We often hear scholars and policy wonks ask the question of what kind of power China will be in terms of international relations. We attempt to put them into our Western-derived boxes such as realist, liberal, status quo, etc.

I think China is increasingly showing us that it will not fit into our traditional boxes. While it may at times exhibit realist or liberal behaviors, at its roots, China is what it has always been: a Chinese power.

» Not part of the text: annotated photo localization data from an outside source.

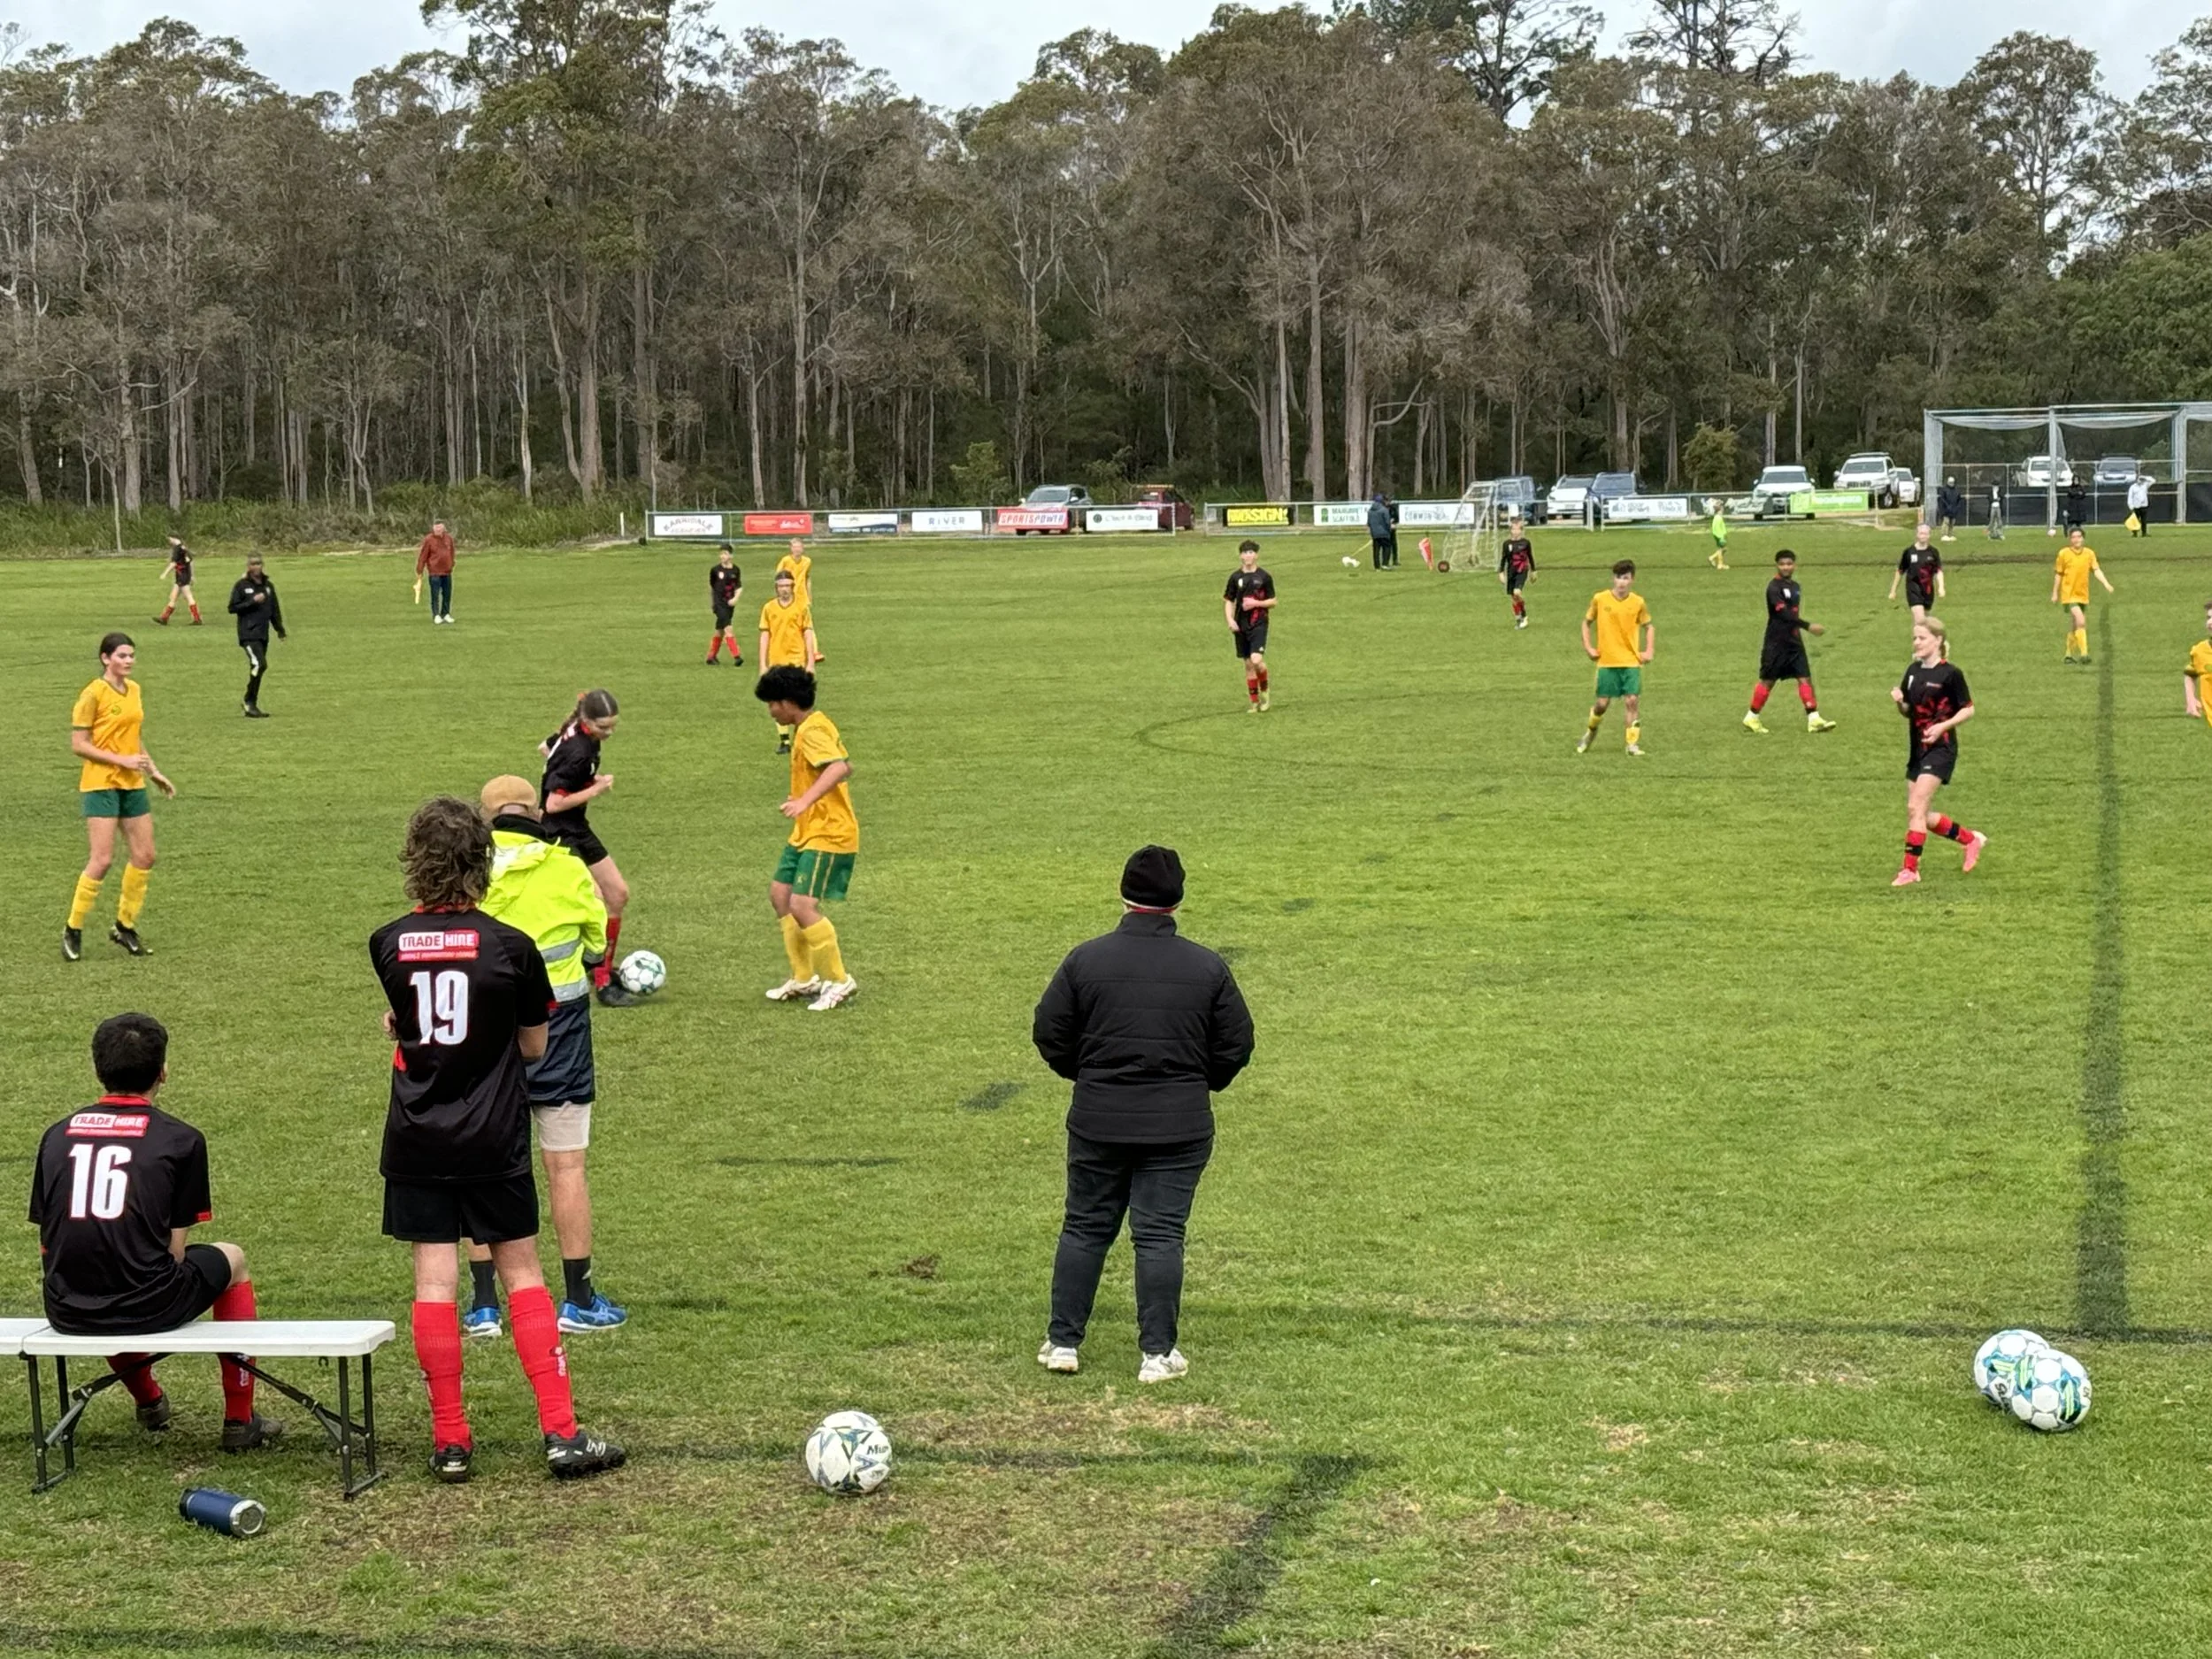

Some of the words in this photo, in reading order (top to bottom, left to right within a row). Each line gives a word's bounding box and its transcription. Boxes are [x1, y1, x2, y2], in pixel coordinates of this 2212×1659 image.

[1001, 513, 1064, 524] SPORTSPOWER
[402, 934, 442, 949] TRADE
[444, 933, 475, 947] HIRE
[410, 971, 469, 1046] 19
[73, 1115, 111, 1127] TRADE
[114, 1115, 144, 1128] HIRE
[69, 1143, 132, 1219] 16

Such Chineseness was on display today as China's Ministry of Defense summed up two days of maritime safety meetings with the US military:
The way to resolve China-US maritime incidents is for the US to change its surveillance and survey operations policies against China, decrease and eventually stop such operations. (See Financial Times story here.)
Notice what they did not say. They did not make demands for what we can be certain they really want, which is an immediate end to US surveillance. Rather, China is offering the US a face-saving way out of this. As China suggests, the US can begin to decrease such operations, then eventually end them.

This assumes, of course, that, at some point in the future, China will be in a position to force the US to stop such surveillance in its own backyard. China itself seems quite certain that, at some point, the US won't be there anymore. The only question, from their point of view, is whether the US gradually and voluntarily ends such surveillance in the near future, or China ends it in the longer term.